Indonesia, dengan ribuan pulau dan bentangan alam yang dialiri banyak sungai besar, punya sejarah panjang dengan transportasi air. Dulu, sungai adalah urat nadi kehidupan, jalur utama perdagangan, dan penghubung antar wilayah, terutama di Kalimantan dan Sumatra. Perahu dan kapal hilir mudik membawa barang dan penumpang, jadi tulang punggung ekonomi dan sosial masyarakat di tepiannya. Namun, seiring waktu dan perkembangan infrastruktur darat, nasib transportasi sungai kini di persimpangan jalan, menghadapi tantangan berat sekaligus menyimpan potensi besar yang belum tergali.
Sejarah Kejayaan dan Kemunduran
Di masa lalu, sungai-sungai besar seperti Kapuas, Mahakam, Musi, atau Batanghari adalah jalur vital yang tak tergantikan. Jauh sebelum jalan raya dan jembatan beton menjamur, segala aktivitas bergantung pada perahu. Komoditas pertanian, hasil hutan, hingga pertukaran budaya bergerak lewat jalur air ini. Masyarakat pun membangun pemukiman di tepi sungai, menciptakan peradaban sungai yang unik dan kaya.
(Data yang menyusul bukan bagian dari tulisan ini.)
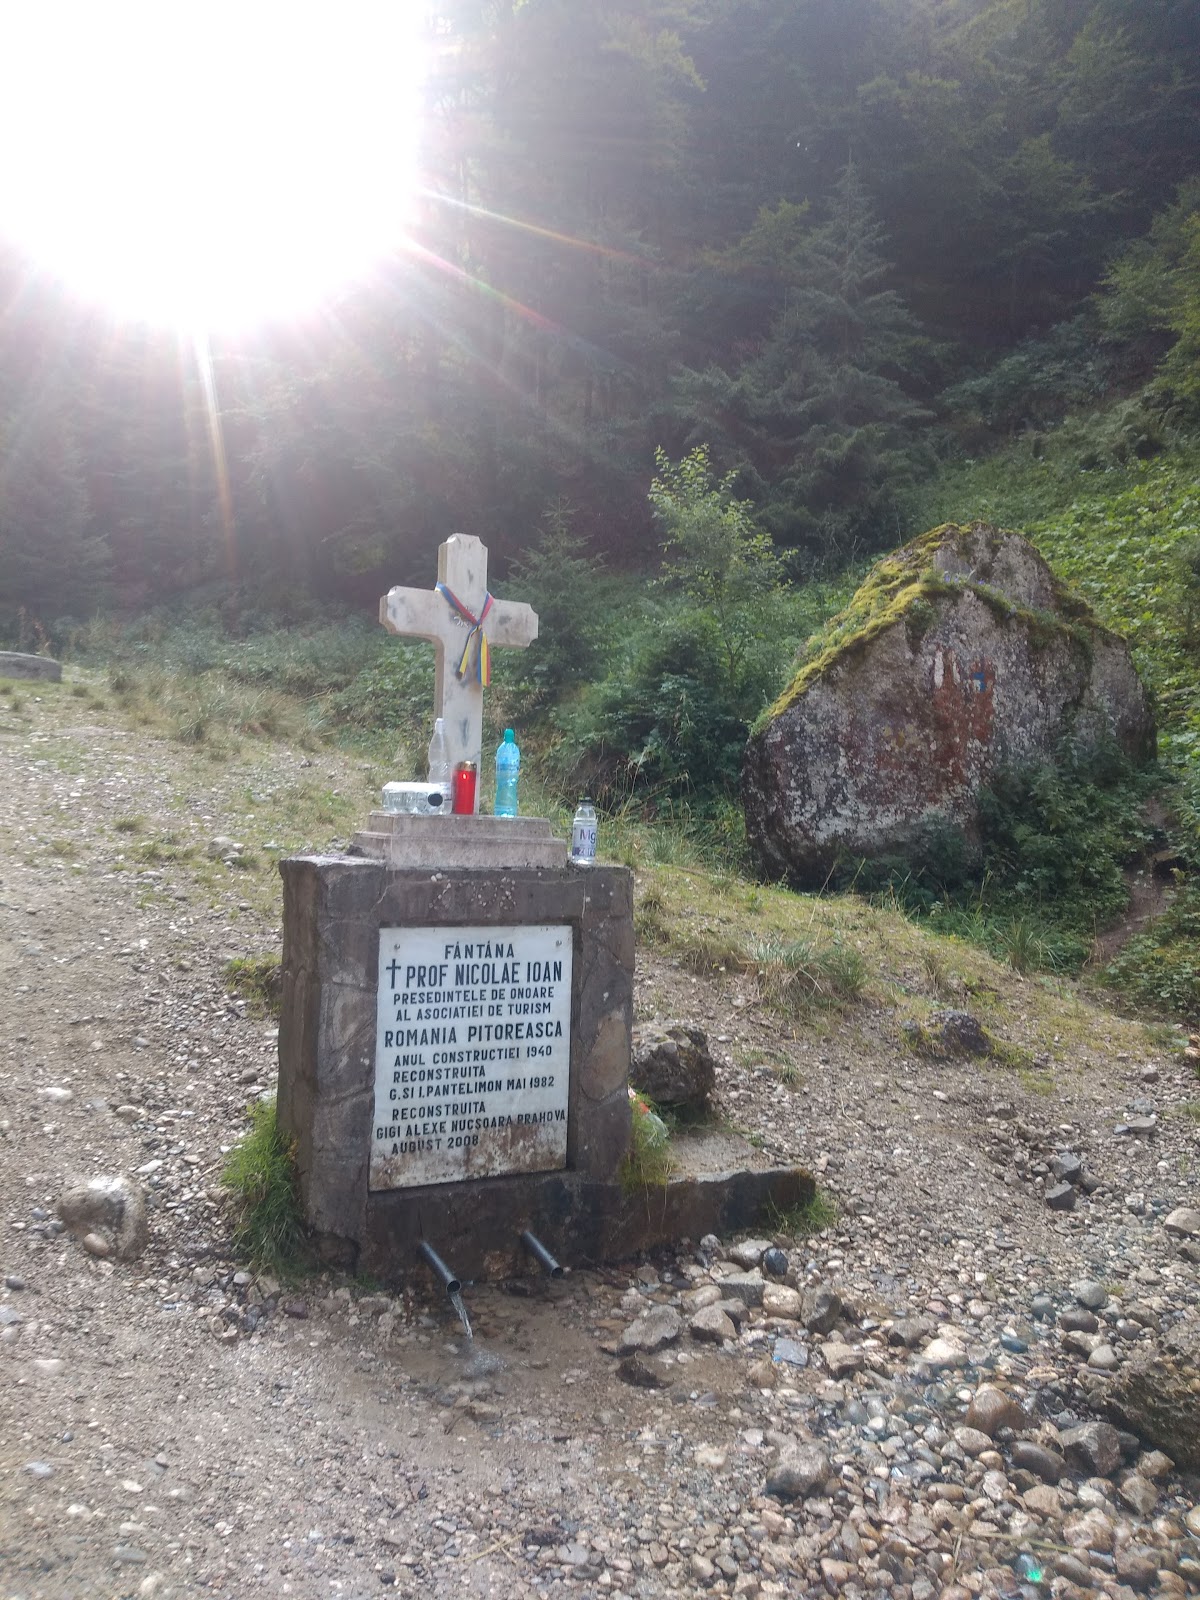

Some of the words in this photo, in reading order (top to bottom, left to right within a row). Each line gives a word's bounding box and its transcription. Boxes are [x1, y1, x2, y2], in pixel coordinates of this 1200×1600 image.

Namun, kejayaan itu mulai memudar seiring pembangunan infrastruktur darat yang masif. Jalan tol, jembatan megah, dan jaringan rel kereta api perlahan menggeser peran sungai. Transportasi darat menawarkan kecepatan dan fleksibilitas yang seringkali tidak bisa ditandingi oleh jalur sungai, terutama di wilayah yang topografinya memungkinkan. Akibatnya, banyak sungai yang tadinya ramai kini sepi, menyisakan dermaga-dermaga usang dan kapal-kapal yang menua.